Van 'knowing participation'is, voor zover hier van belang, sprake, indien betrokkene werkzaam was voor een onderdeel van een regerings- of overheidsorgaan, bijvoorbeeld voor een onderdeel van het leger, de veiligheidsdienst of de politie, dat volgens gezaghebbende en vrij toegankelijke rapportages op systematische wijze en/of op grote schaal misdrijven als bedoeld in artikel 1F heeft gepleegd in de periode dat betrokkene daar werkzaam was. Van 'personal participation' is, voor zover hier van belang sprake, indien uit verklaringen van betrokkene of uit ontvangen informatie blijkt dat betrokkene het misdrijf als bedoeld in artikel 1F persoonlijk heeft gepleegd dan wel daaruit blijkt dat het misdrijf onder verantwoordelijkheid van betrokkene is gepleegd.

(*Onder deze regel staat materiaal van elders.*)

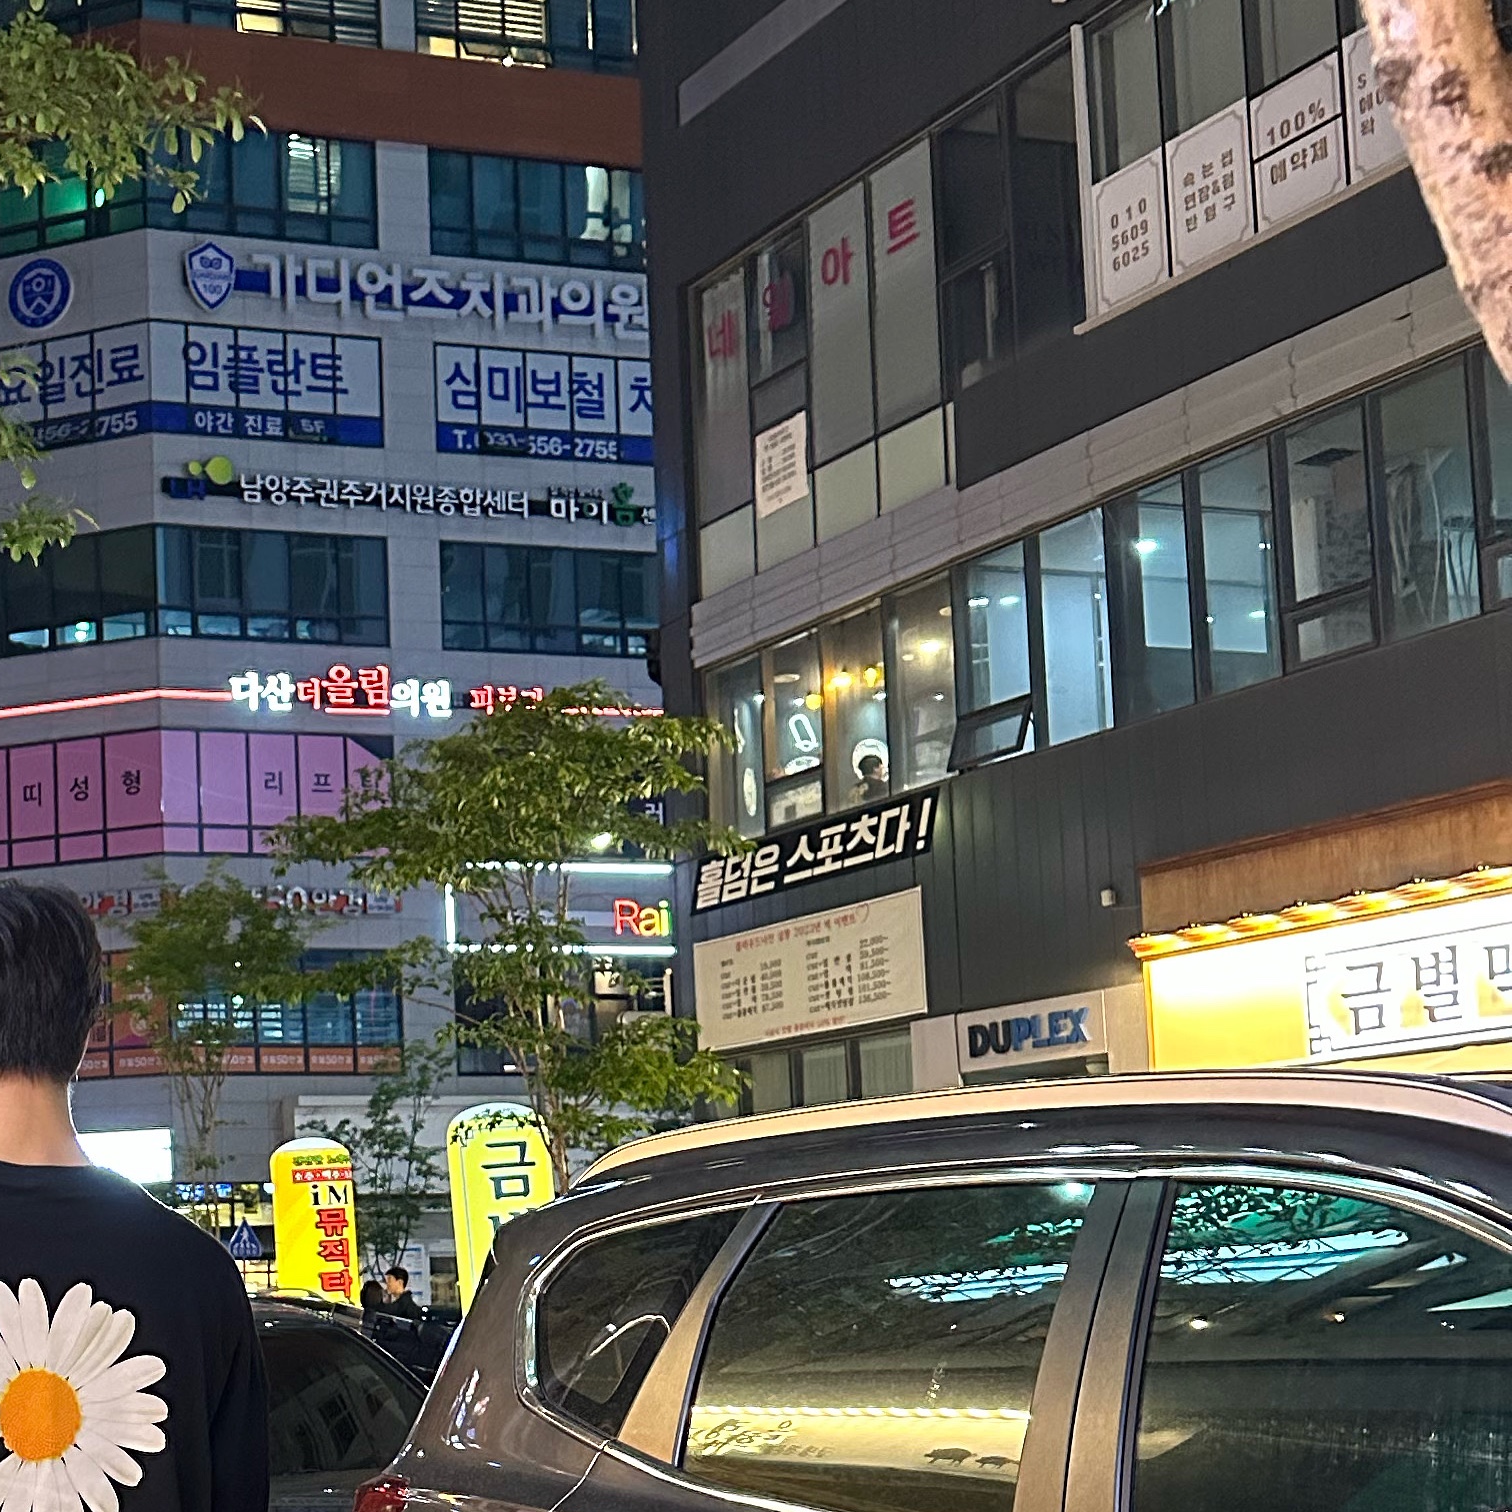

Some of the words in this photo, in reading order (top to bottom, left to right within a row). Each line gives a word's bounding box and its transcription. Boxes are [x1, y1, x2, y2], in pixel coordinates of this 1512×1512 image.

2.13 Eiser heeft ter onderbouwing van zijn aanvraag het volgende aangevoerd. Hij heeft in de periode van 1997 tot 16 november 1999 voor de Justitiële Politie in Iran gewerkt. Hij verrichtte deze werkzaamheden in de plaats [plaats], in de provincie [provincie]. Vanaf augustus 1998 bekleedde eiser de functie van hoofd van de afdeling verhoor en recherche. In deze functie was hij verantwoordelijk voor het afhandelen van strafdossiers, zoals moord, doodslag en verkrachting. Bij belangrijke arrestaties was eiser zelf aanwezig en de belangrijke verhoren deed eiser ook zelf. De overige zaken delegeerde hij aan collega's. Tijdens de verhoren van de Justitiële Politie was het gebruikelijk dat er werd mishandeld om verklaringen los te krijgen. Eiser is zelf ook een keer bij zo'n mishandeling geweest. Daarnaast werden verschillende intimidatietechnieken gebruikt om informatie los te krijgen. De rechtbank gaf meestal de opdracht voor deze praktijken.
Begin en medio 1999 ontving eiser brieven van de Sazman-e Hefazat-e wa Etalaát Keshwari, de inlichtingen- en veiligheidsdienst (hierna: Hefazat) waarin hem verzocht werd met deze organisatie samen te werken. In juli 1999 vertrok eiser vervolgens in opdracht van de Hefazat naar Teheran om dossiers op te halen. Het was de bedoeling dat eiser een aantal personen zou verhoren. De twee personen om wie het ging hadden naar het oordeel van eiser niets verkeerd gedaan. Het betrof personen die zich inzetten voor de strijd voor vrijheid. Zij hadden pamfletten in een drukkerij laten afdrukken. Eiser heeft aan de rechtbank gerapporteerd dat de twee personen vrijgesproken moesten worden. Echter, de twee zijn ondanks eisers rapportage veroordeeld tot respectievelijk de doodstraf en levenslange gevangenisstraf. Met hulp van een vriend heeft eiser ervoor gezorgd dat de twee personen konden ontsnappen uit de gevangenis. Direct daarna is eiser ondergedoken en enkele maanden later is hij Iran ontvlucht.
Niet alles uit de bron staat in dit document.